How the attack works
The attack typically begins with a phishing email containing a link, either in the message or an attachment. The link opens a page that appears normal at first.
The attack code is hidden in the web page and only activates if specific conditions are met. For example, if a special code key is present and the user is not using a security scanner or test environment. Once triggered, the page switches to an attacker controlled full screen that locks the browser, disables control and displays fake and alarming security warnings.
The attackers try to block any escape attempts. The page slows down or crashes the browser if inspected. It hides the cursor and disables menus, re-locking itself if the user tries to exit.
Psychological pressure tactics include loud warning sounds, the victim’s IP address published on screen, fake login forms that don’t work and repeated error messages – all designed to create panic and a sense of urgency.

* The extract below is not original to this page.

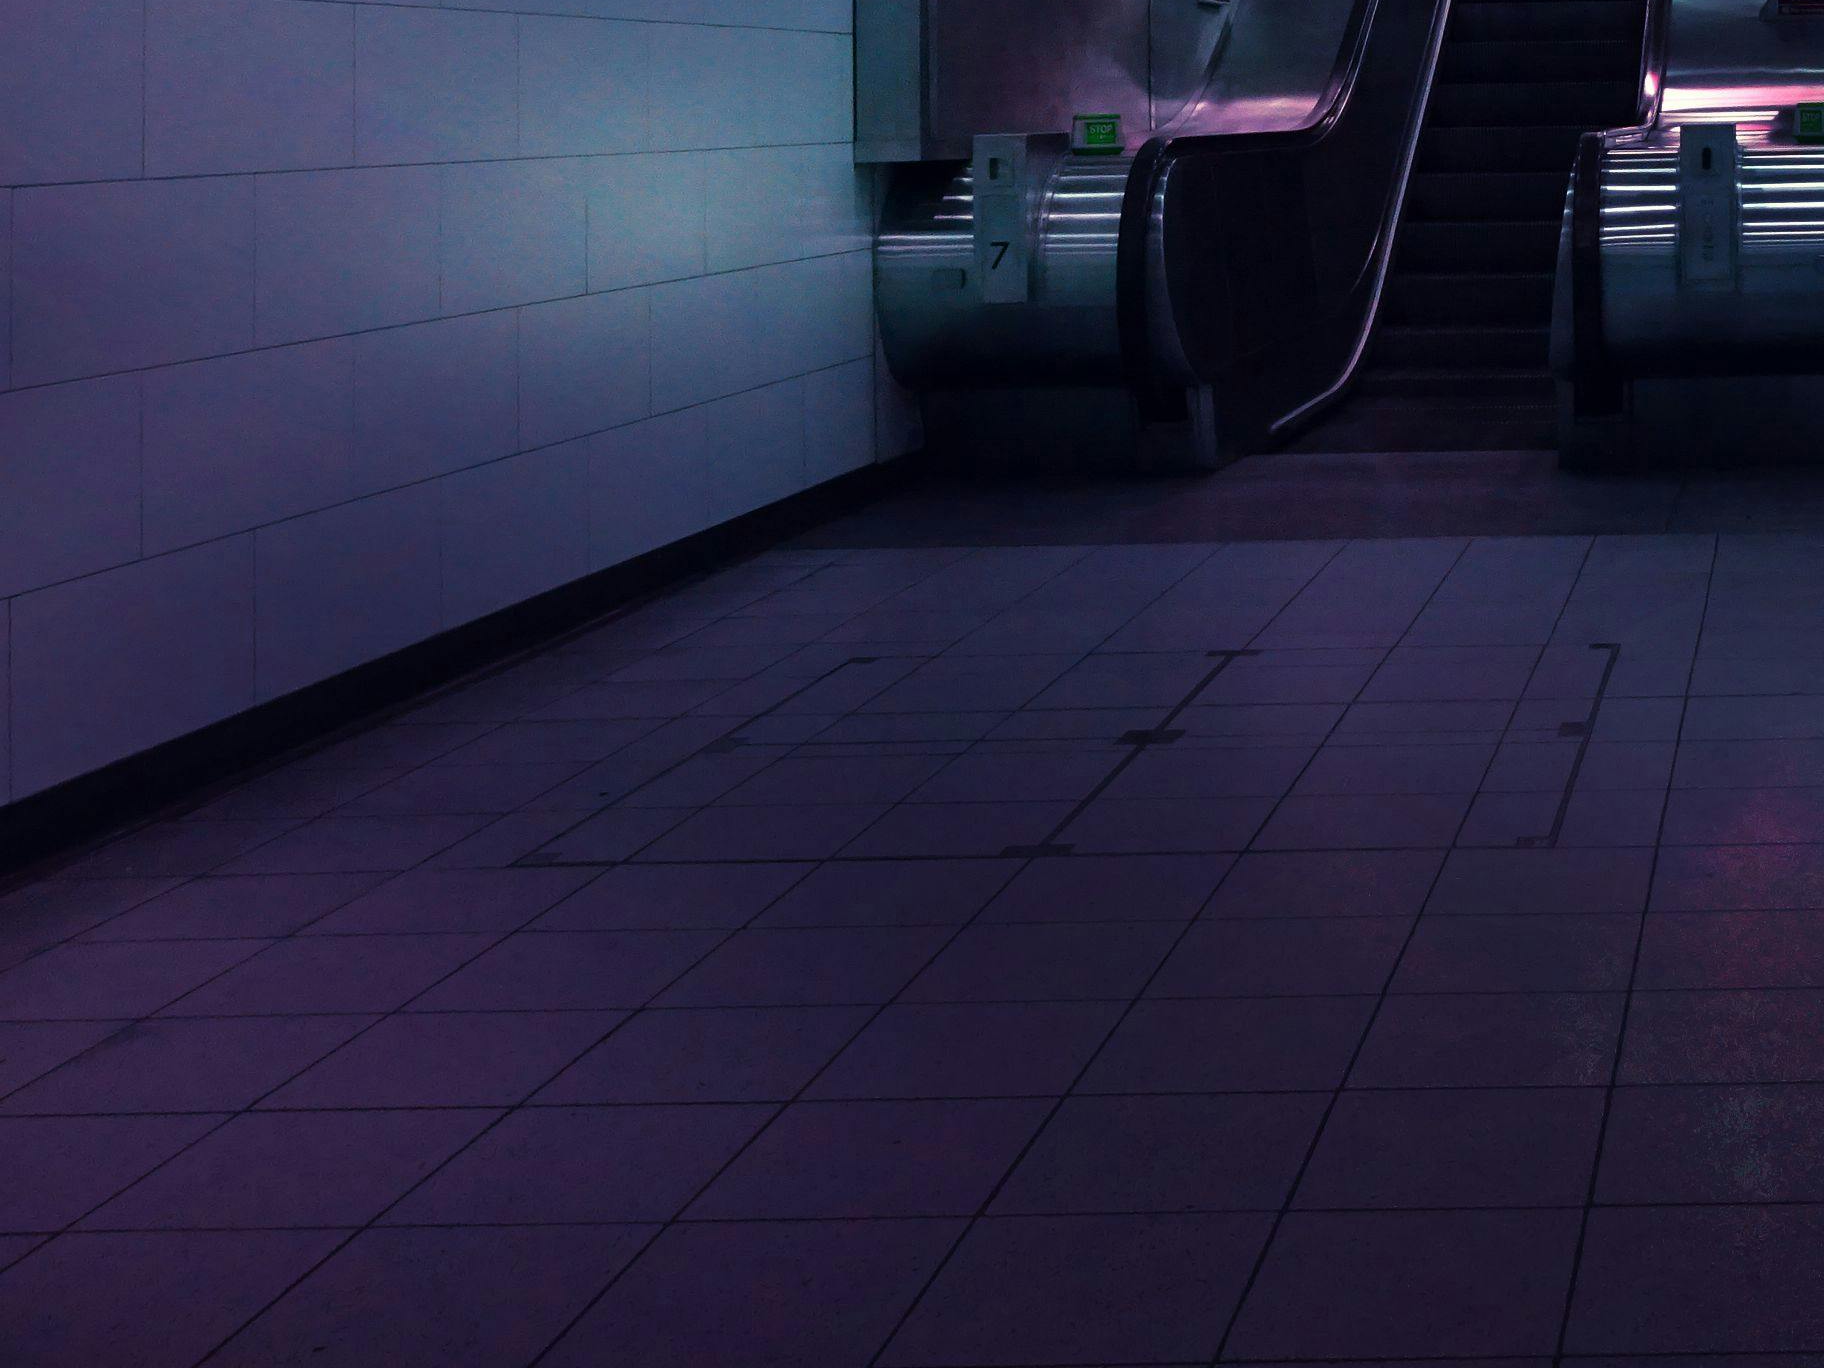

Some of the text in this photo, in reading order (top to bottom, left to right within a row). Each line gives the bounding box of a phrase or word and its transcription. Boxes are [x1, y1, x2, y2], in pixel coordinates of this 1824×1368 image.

[1801, 112, 1821, 121] STOP
[1089, 124, 1113, 135] STOP
[990, 241, 1010, 269] 7

Throughout the attack, a phone number is shown on screen as the only solution to fix the problem. Victims who call are connected to scammers posing as legitimate tech support. The scammers then continue the attack through social engineering, for example to capture credentials.

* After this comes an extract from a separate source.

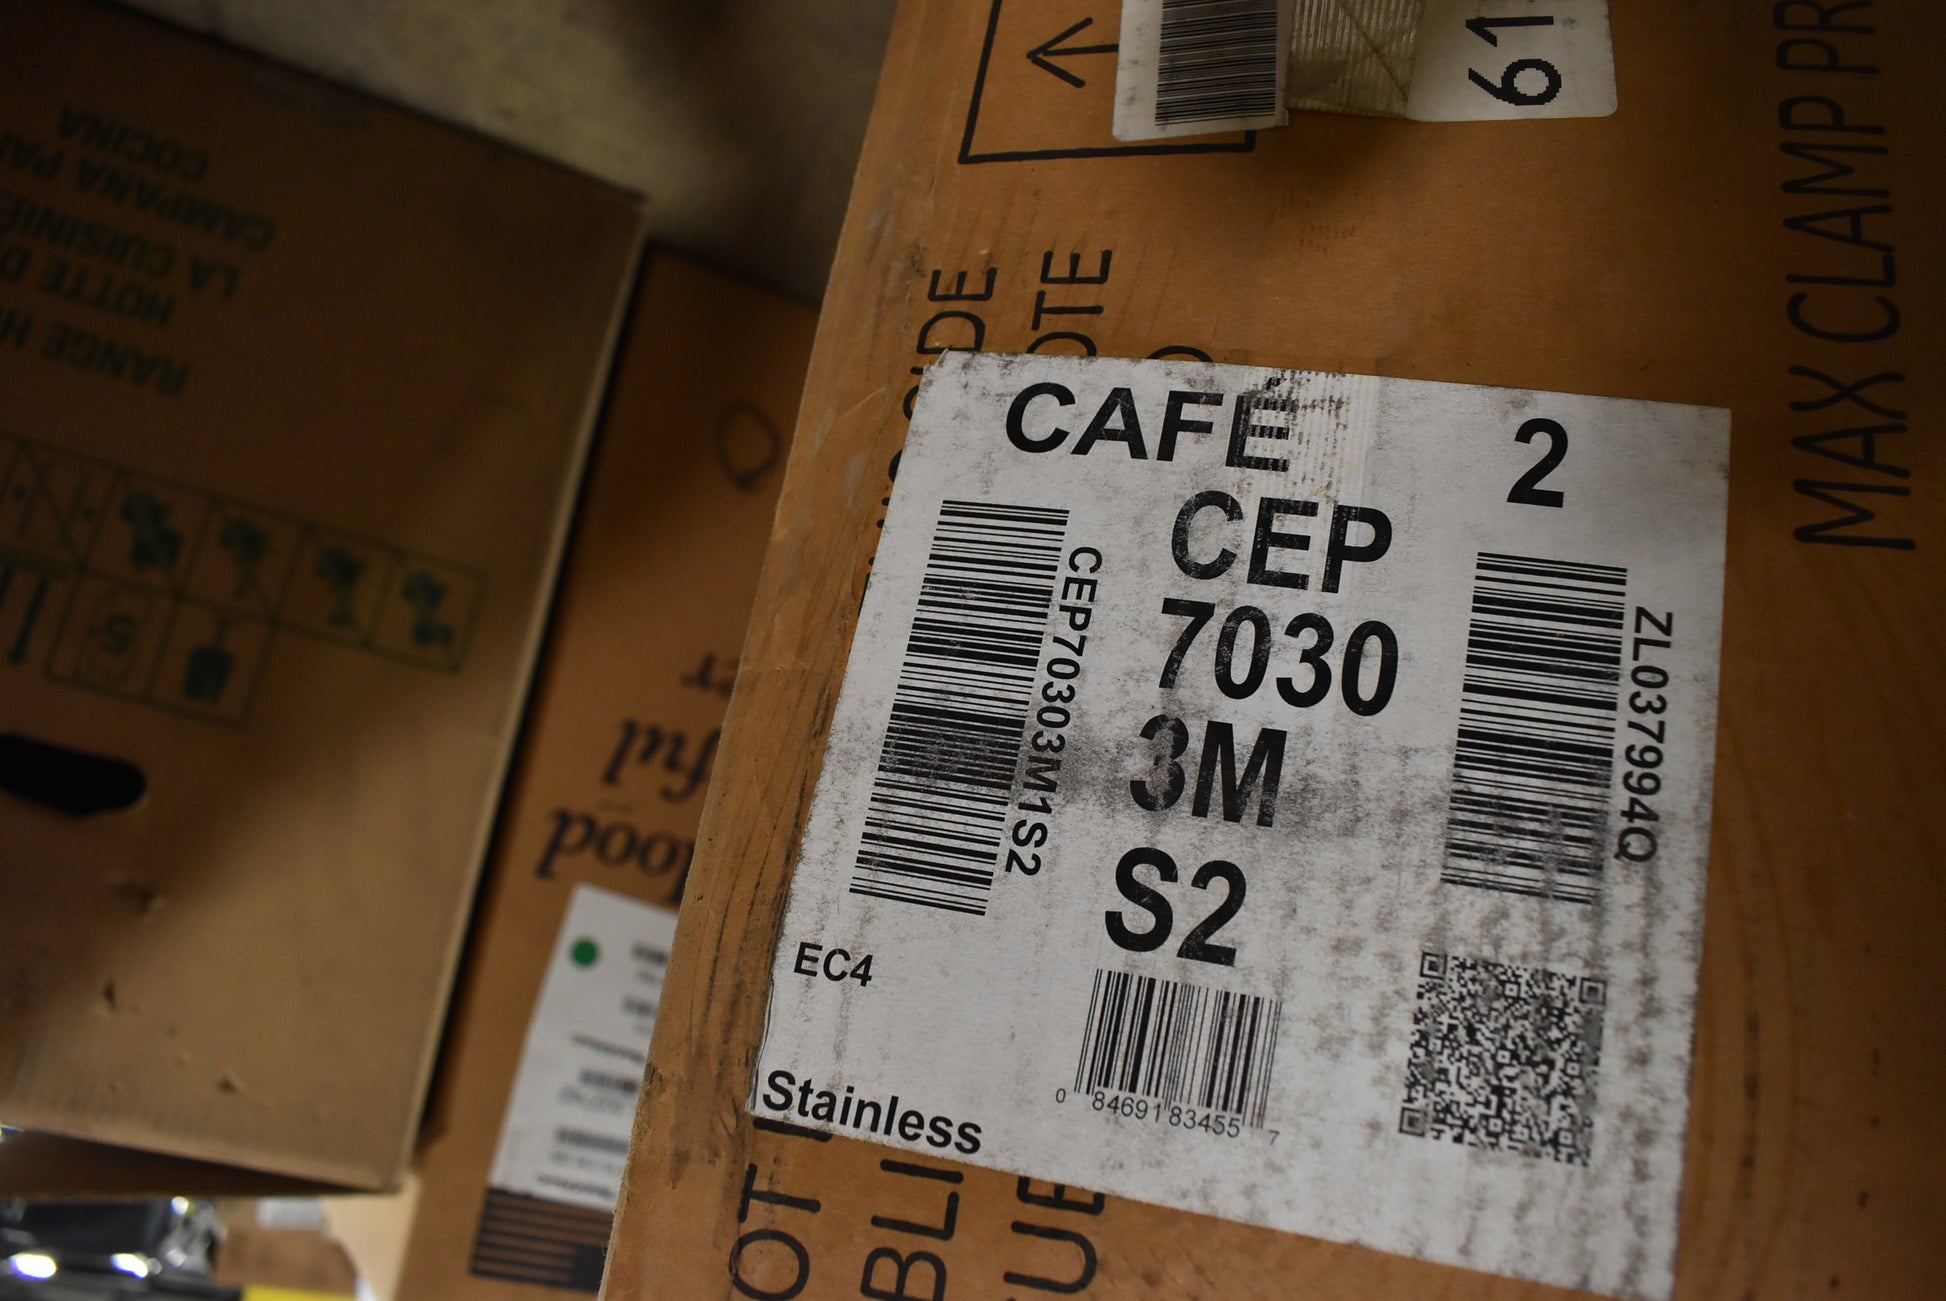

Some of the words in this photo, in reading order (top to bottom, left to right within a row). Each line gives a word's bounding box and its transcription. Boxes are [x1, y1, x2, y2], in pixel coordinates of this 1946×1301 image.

“CypherLoc shows how modern scareware is shifting away from obvious malware and towards browser-based, user-driven scams that are difficult to detect and highly effective,” said Saravanan Mohankumar, Manager, Threat Analysis Team at Barracuda. “It uses the browser itself to pressure victims into acting. By combining hidden code, delayed activation and aggressive on-screen behaviour, it creates a convincing illusion of a serious system problem while leaving very little technical trace.”
Rsearchers recommend robust anti-phishing, browser and endpoint protection to detect and block any suspicious script behaviour. User education is equally important, because legitimate security alerts do not display phone numbers, do not lock browsers, and do not demand immediate action via pop‑ups.